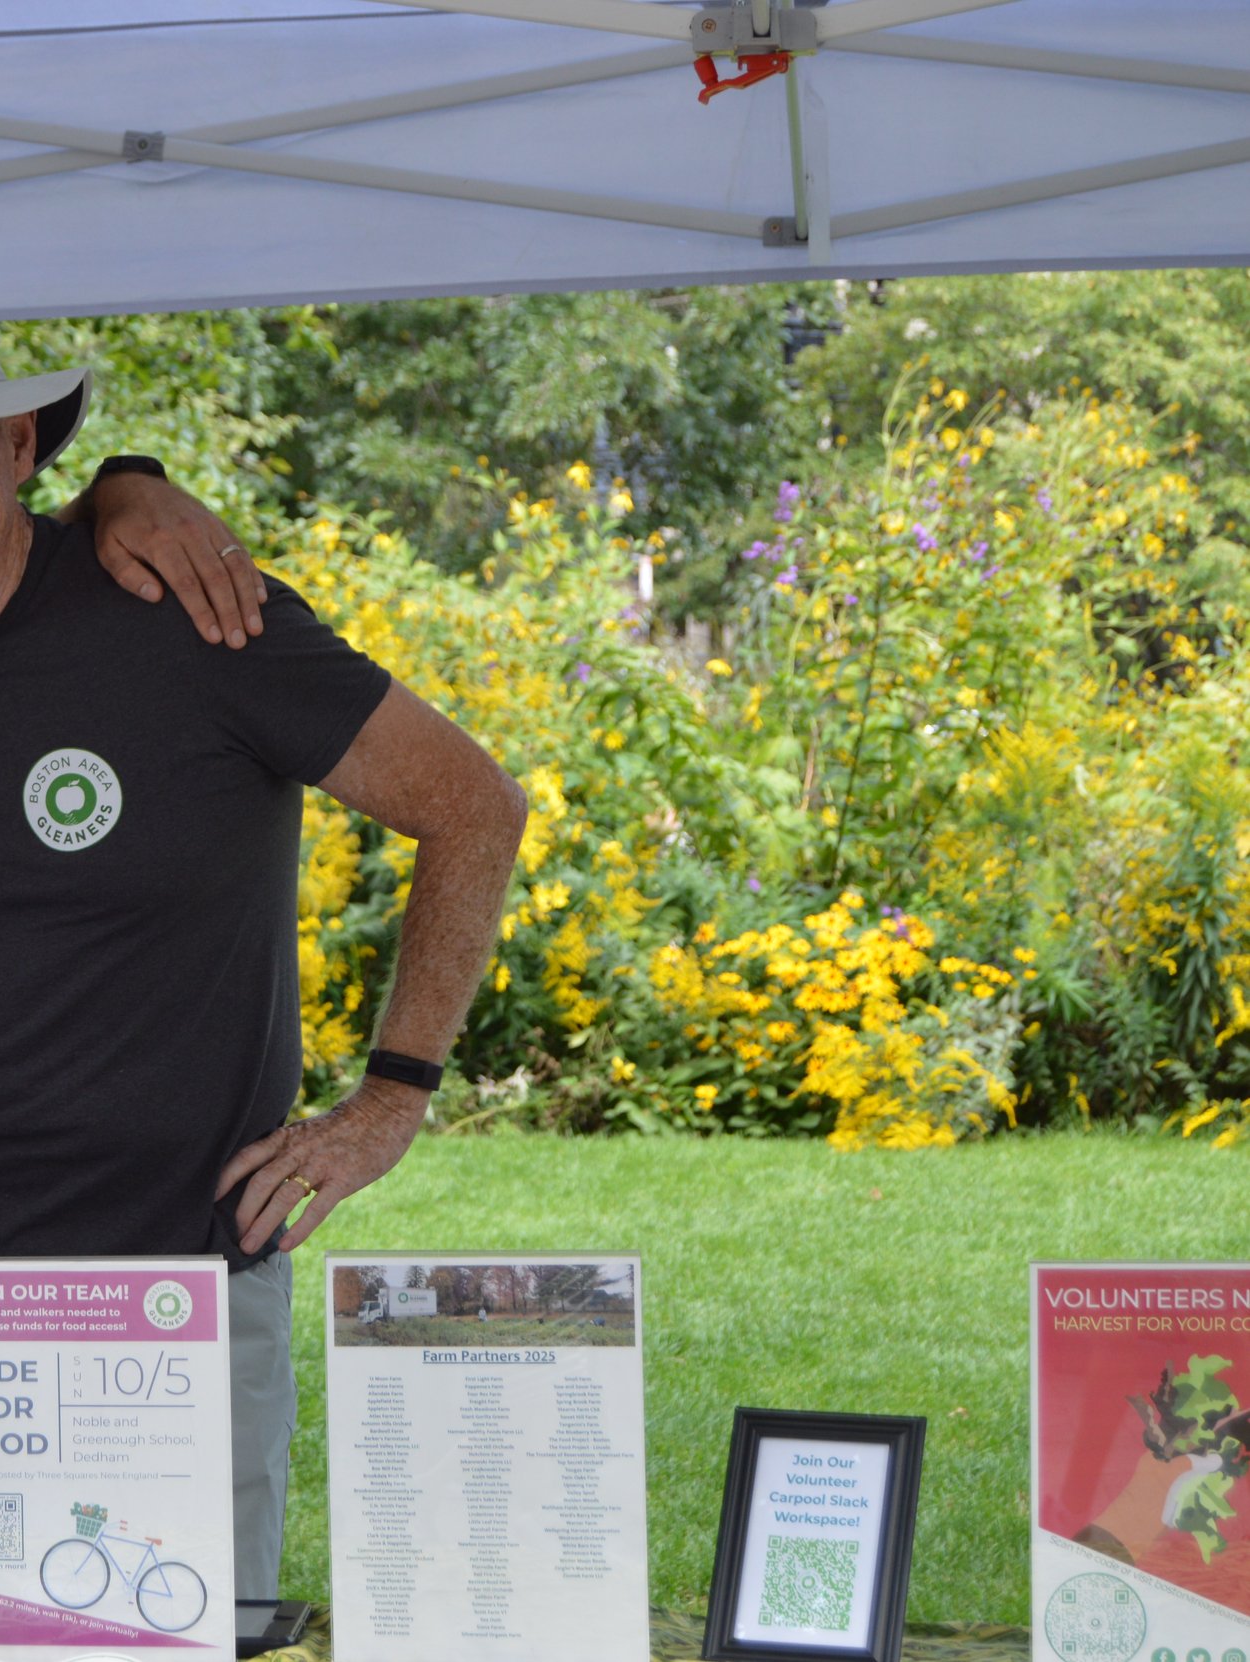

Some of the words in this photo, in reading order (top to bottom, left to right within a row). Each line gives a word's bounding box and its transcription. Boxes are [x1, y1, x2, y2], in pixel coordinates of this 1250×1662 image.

[29, 756, 71, 803] BOSTON
[78, 758, 113, 792] AREA
[37, 804, 113, 845] GLEANERS
[11, 1285, 57, 1300] OUR
[63, 1285, 129, 1300] TEAM!
[148, 1284, 170, 1304] BOSTON
[1045, 1288, 1224, 1309] VOLUNTEERS
[1, 1307, 21, 1317] and
[23, 1307, 64, 1317] walkers
[67, 1307, 107, 1317] needed
[109, 1308, 120, 1317] to
[149, 1310, 187, 1327] GLEANERS
[12, 1322, 42, 1331] funds
[44, 1322, 60, 1331] for
[62, 1322, 87, 1331] food
[89, 1322, 127, 1331] access!
[1054, 1316, 1132, 1331] HARVEST
[1137, 1316, 1172, 1331] FOR
[1176, 1317, 1225, 1331] YOUR
[423, 1350, 458, 1362] Farm
[461, 1350, 520, 1362] Partners
[524, 1350, 556, 1362] 2025
[93, 1350, 191, 1400] 10/5
[72, 1416, 110, 1427] Noble
[113, 1416, 139, 1427] and
[72, 1434, 145, 1446] Greenough
[149, 1434, 196, 1446] School,
[73, 1452, 129, 1463] Dedham
[792, 1454, 823, 1467] Join
[827, 1456, 855, 1468] Our
[25, 1471, 35, 1481] by
[36, 1471, 62, 1479] Three
[63, 1471, 98, 1481] Squares
[100, 1472, 120, 1480] New
[122, 1472, 159, 1481] England
[786, 1472, 857, 1488] Volunteer
[769, 1491, 826, 1506] Carpool
[830, 1494, 868, 1508] Slack
[774, 1511, 860, 1527] Workspace!
[1050, 1535, 1073, 1551] Scan
[1075, 1545, 1092, 1559] the
[1094, 1554, 1120, 1571] code
[1121, 1565, 1131, 1575] or
[1133, 1571, 1153, 1585] visit
[0, 1597, 14, 1608] 62.2
[42, 1607, 60, 1618] walk
[88, 1619, 104, 1631] join
[105, 1623, 139, 1638] virtually!

====

Task instructions:
The result should be a precise copy of all the entries, free of pictures.

Exercise answer:
Some of the words in this photo, in reading order (top to bottom, left to right within a row). Each line gives a word's bounding box and its transcription. Boxes are [x1, y1, x2, y2], in pixel coordinates of this 1250×1662 image.

[29, 756, 71, 803] BOSTON
[78, 758, 113, 792] AREA
[37, 804, 113, 845] GLEANERS
[11, 1285, 57, 1300] OUR
[63, 1285, 129, 1300] TEAM!
[148, 1284, 170, 1304] BOSTON
[1045, 1288, 1224, 1309] VOLUNTEERS
[1, 1307, 21, 1317] and
[23, 1307, 64, 1317] walkers
[67, 1307, 107, 1317] needed
[109, 1308, 120, 1317] to
[149, 1310, 187, 1327] GLEANERS
[12, 1322, 42, 1331] funds
[44, 1322, 60, 1331] for
[62, 1322, 87, 1331] food
[89, 1322, 127, 1331] access!
[1054, 1316, 1132, 1331] HARVEST
[1137, 1316, 1172, 1331] FOR
[1176, 1317, 1225, 1331] YOUR
[423, 1350, 458, 1362] Farm
[461, 1350, 520, 1362] Partners
[524, 1350, 556, 1362] 2025
[93, 1350, 191, 1400] 10/5
[72, 1416, 110, 1427] Noble
[113, 1416, 139, 1427] and
[72, 1434, 145, 1446] Greenough
[149, 1434, 196, 1446] School,
[73, 1452, 129, 1463] Dedham
[792, 1454, 823, 1467] Join
[827, 1456, 855, 1468] Our
[25, 1471, 35, 1481] by
[36, 1471, 62, 1479] Three
[63, 1471, 98, 1481] Squares
[100, 1472, 120, 1480] New
[122, 1472, 159, 1481] England
[786, 1472, 857, 1488] Volunteer
[769, 1491, 826, 1506] Carpool
[830, 1494, 868, 1508] Slack
[774, 1511, 860, 1527] Workspace!
[1050, 1535, 1073, 1551] Scan
[1075, 1545, 1092, 1559] the
[1094, 1554, 1120, 1571] code
[1121, 1565, 1131, 1575] or
[1133, 1571, 1153, 1585] visit
[0, 1597, 14, 1608] 62.2
[42, 1607, 60, 1618] walk
[88, 1619, 104, 1631] join
[105, 1623, 139, 1638] virtually!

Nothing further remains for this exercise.